SO3. Enhancing Nutrition

SO.3. Enhancing Nutrition: To improve the nutritional quality of diets and to enhance the nutritional and health status of the poor.

Theme 3 of the Feed the Future Research Strategy, Enhancing Nutrition, focuses on increasing both access to nutrient-dense foods, such as edible grain legumes, and regular consumption of diverse, quality foods for improved human health. The research strategy recognizes the vitally important relationships between what a person eats, the individual’s ability to absorb and utilize nutrients from the foods consumed, and the influence of interacting health and environmental factors (e.g., water quality).

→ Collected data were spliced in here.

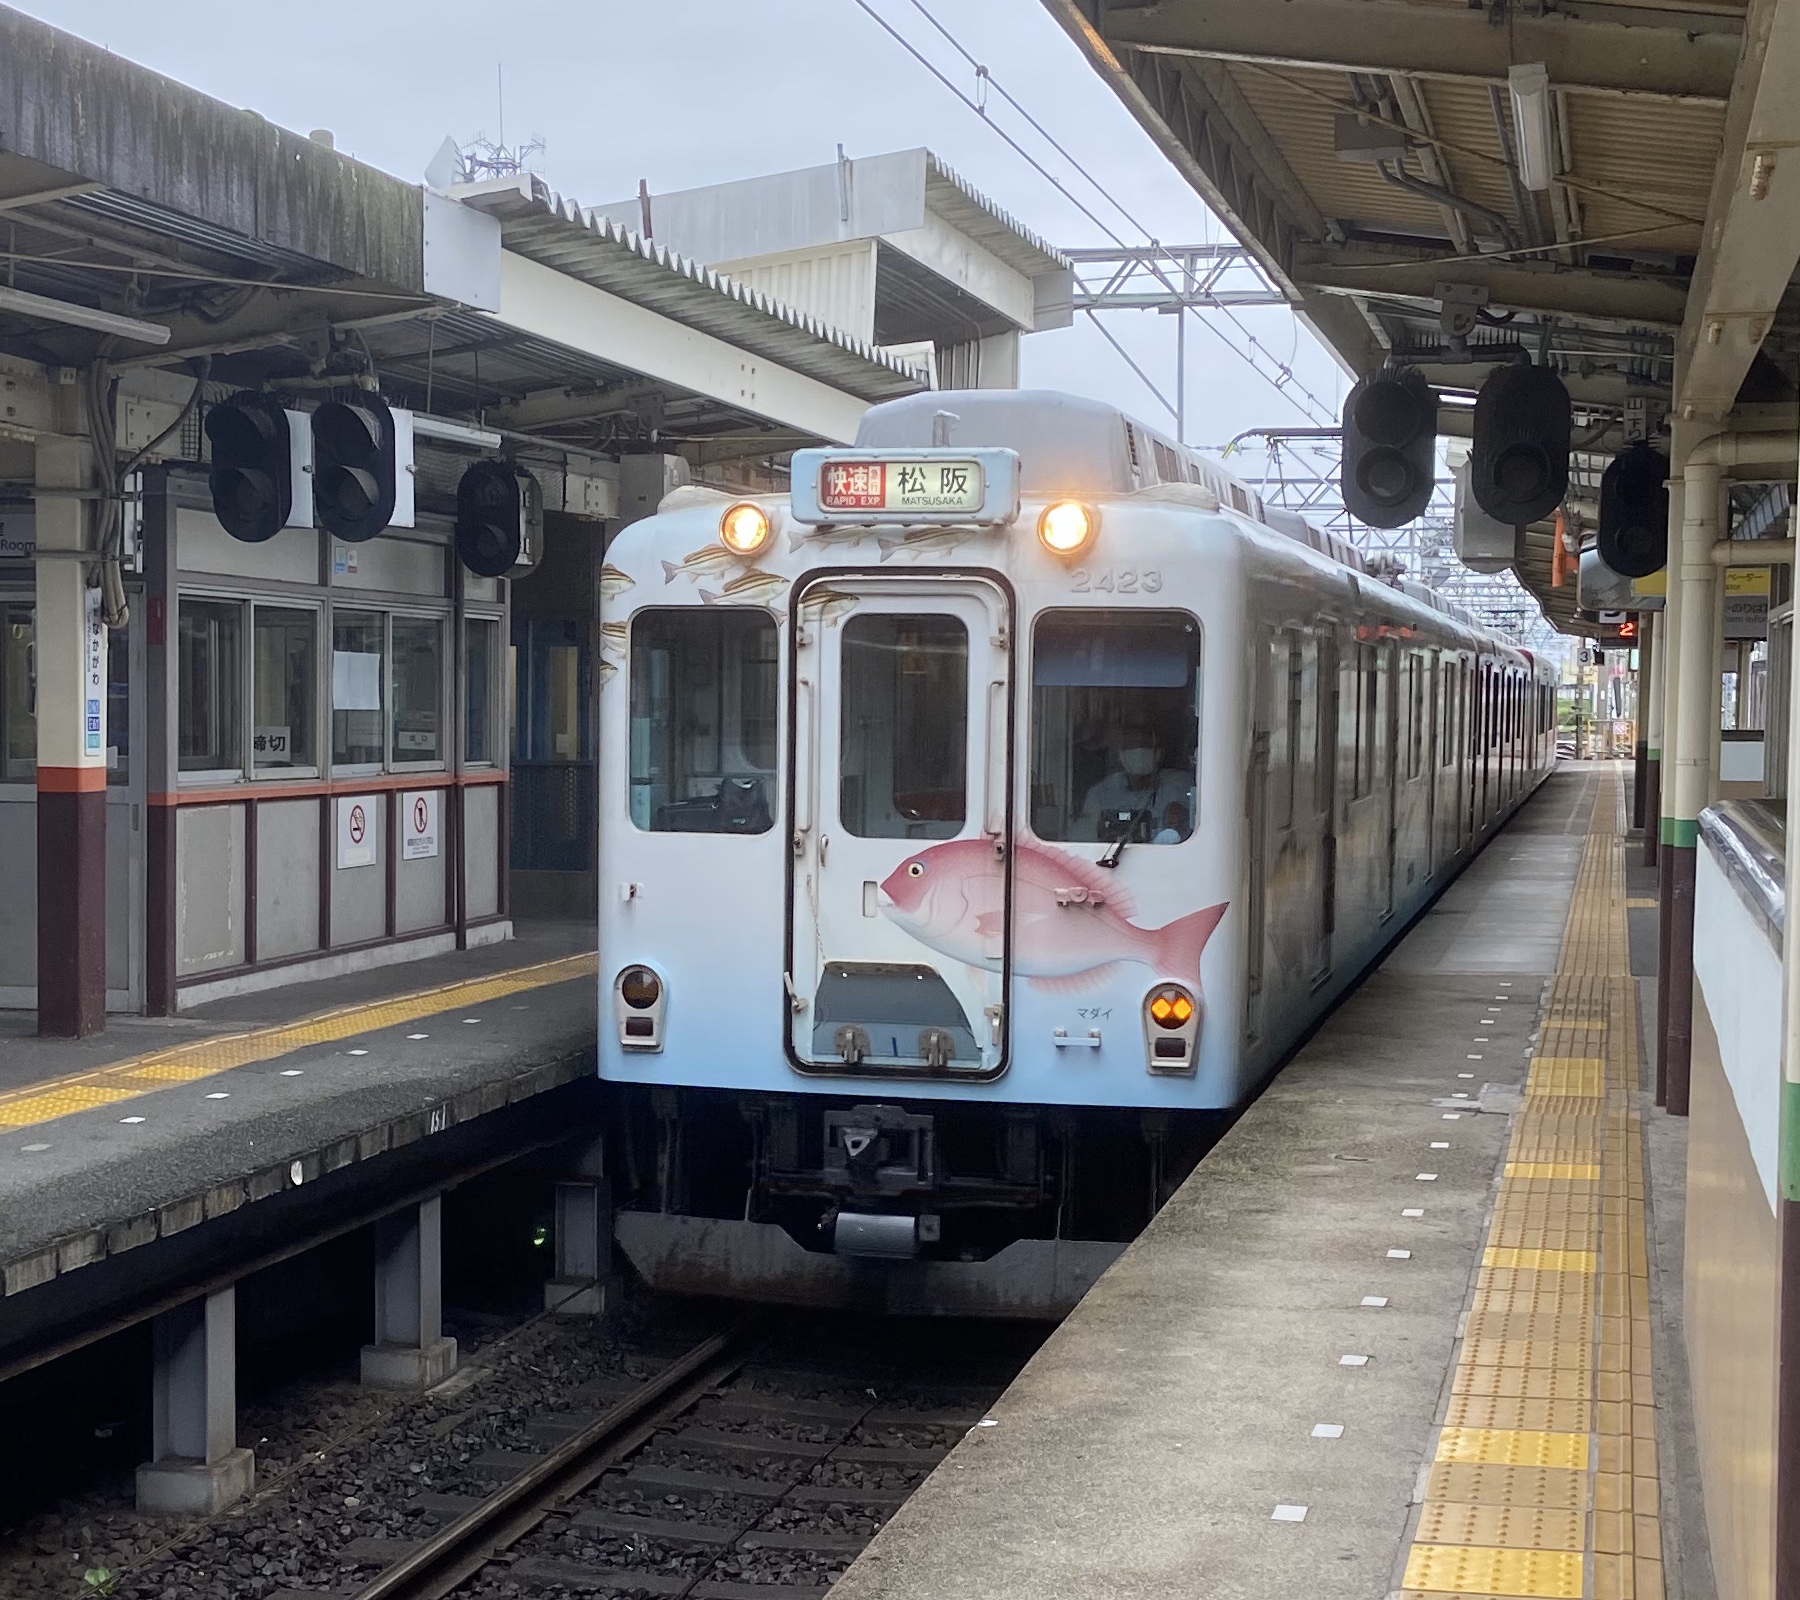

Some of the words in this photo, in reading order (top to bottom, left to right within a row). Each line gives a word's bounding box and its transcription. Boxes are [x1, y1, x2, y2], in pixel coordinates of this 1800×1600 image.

[828, 465, 868, 496] 快速
[897, 466, 969, 495] 松阪
[826, 496, 855, 506] RAPID
[901, 496, 964, 506] MATSUSAKA
[1, 539, 37, 551] Room
[1070, 567, 1163, 594] 2423
[1620, 622, 1635, 637] 2
[1580, 651, 1589, 663] 3
[1077, 1007, 1113, 1020] マダイ

Enhancing dietary quality through greater consumption of grain legumes is an effective approach to improving human nutrition and health. The benefits afforded by regularly eating beans are not only attributable to their affordability and high nutrient composition (quality protein, complex carbohydrates, fiber, essential fatty acids, vitamins, and the like) but also to their role in supporting gut health and function. When grain legumes are consumed regularly, research indicates that healthy intestinal microbial communities are supported, leading to less inflammation of the colon and the improved absorption of essential nutrients from ingested foods. Thus, legumes improve the nutritional value of diets among the poor, including cereal-based traditional diets.

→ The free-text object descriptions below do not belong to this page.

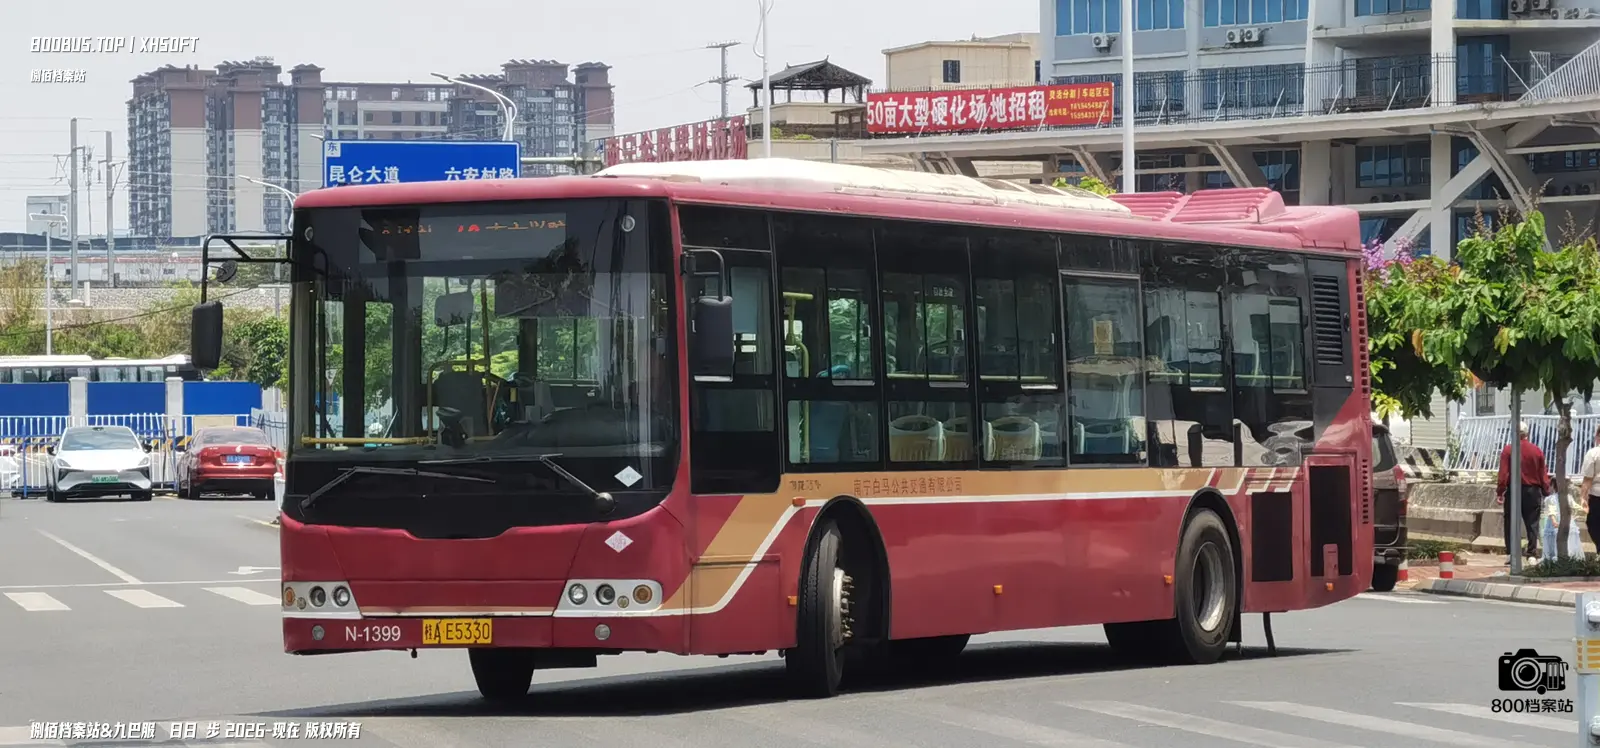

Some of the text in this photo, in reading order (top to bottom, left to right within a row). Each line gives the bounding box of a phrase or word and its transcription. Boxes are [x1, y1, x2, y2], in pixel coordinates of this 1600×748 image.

[867, 90, 1046, 128] 50亩大型硬化场地招租
[327, 142, 338, 152] 东
[329, 165, 515, 183] 昆仑大道 六安村路
[853, 476, 962, 496] 南宁白马公共交通有限公司
[345, 625, 401, 642] N-1399
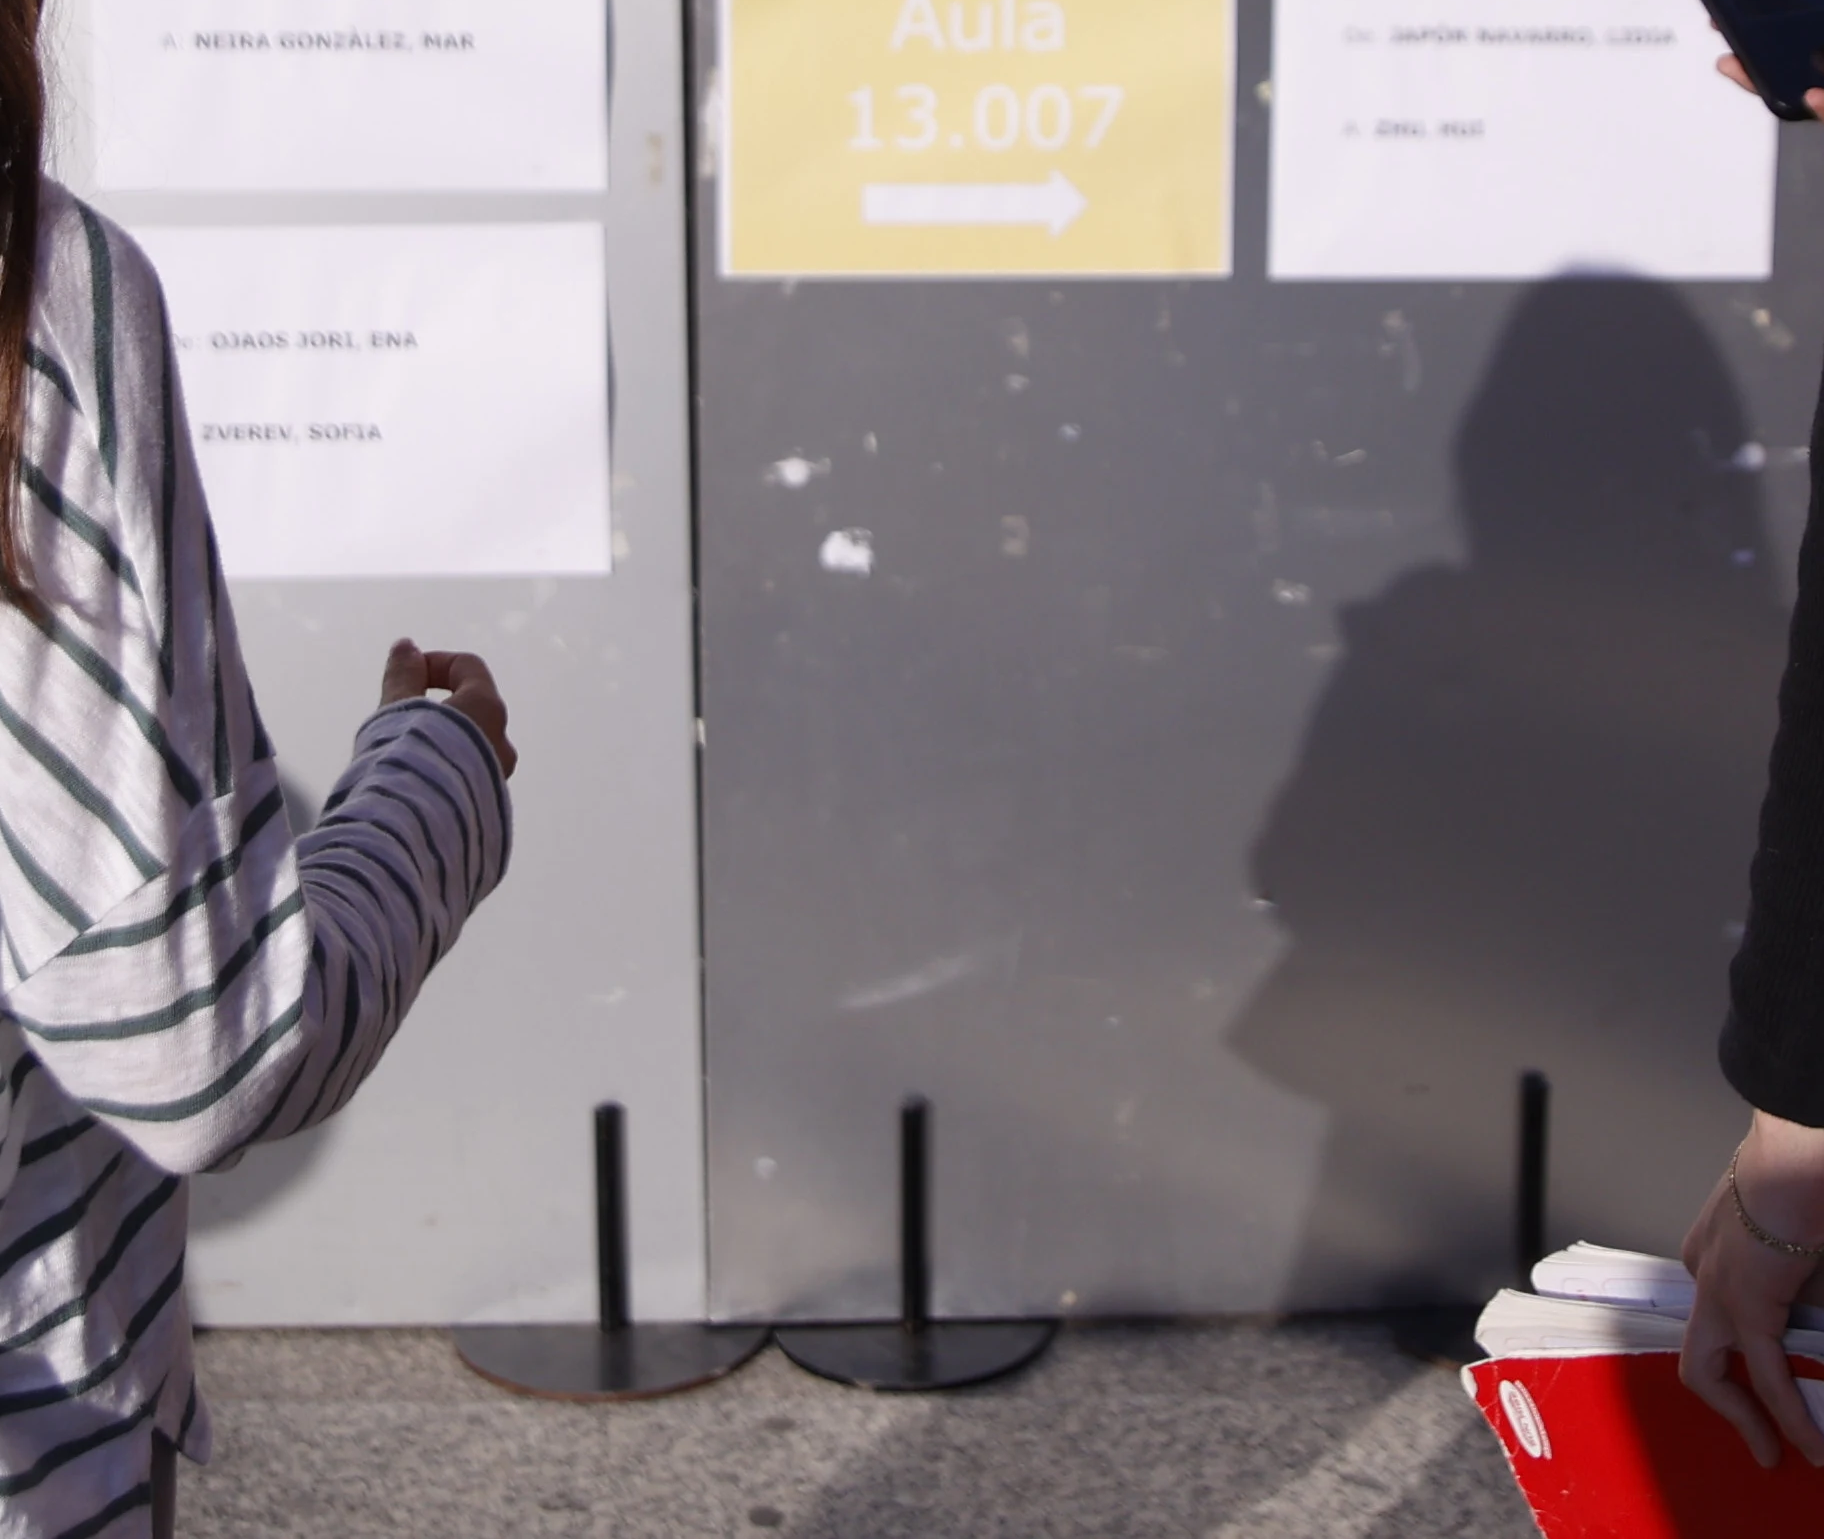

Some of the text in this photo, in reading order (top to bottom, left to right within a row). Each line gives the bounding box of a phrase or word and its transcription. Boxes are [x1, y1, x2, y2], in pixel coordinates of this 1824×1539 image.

[422, 31, 477, 51] MAR
[848, 83, 1124, 153] 13.007
[370, 331, 418, 349] ENA

But knowledge gaps exist; the physiological role(s) of grain legumes in diets and its interactions with other foods need to be better understood if legumes are to achieve their envisioned impact on the nutritional and health status of the poor and to inform policy makers of the nutritional and health-promoting value of grain legumes.The  Legume Innovation Lab's project to enhance nutrition among the poor focuses on the addition of grain legumes in the diets of young mothers, infants, and young children as a means to address nutrition-based stunting and other disabilities associated with environmental enteropathy, an inflammatory gut condition that often develops within the first three years of life, particularly in the high-risk period marked by the transitions from exclusive breastfeeding to mixed feeding with complementary foods to the complete reliance on adult foods for sustenance early in life. By replacing complementary foods such as the protein-poor and micronutrient-poor starches such as maize, cassava, and sorghum with common beans and cowpeas (two study groups), researchers hope to demonstrate that legumes make a preferable complementary food for children weaning from exclusive breastfeeding. With appropriate preparation, legumes are quite digestible and well tolerated by children--and the increased protein they bring to a diet should contribute to a healthy gut microbiome, to strengthened immune systems, and to healthy child growth and development in resource-poor households. A study that provides solid evidence of the value of grain legumes over monotonous starches in the diets of young children could be a game changer in improving nutrition and reducing the devastating of environmental enteropathy in impoverished parts of the world.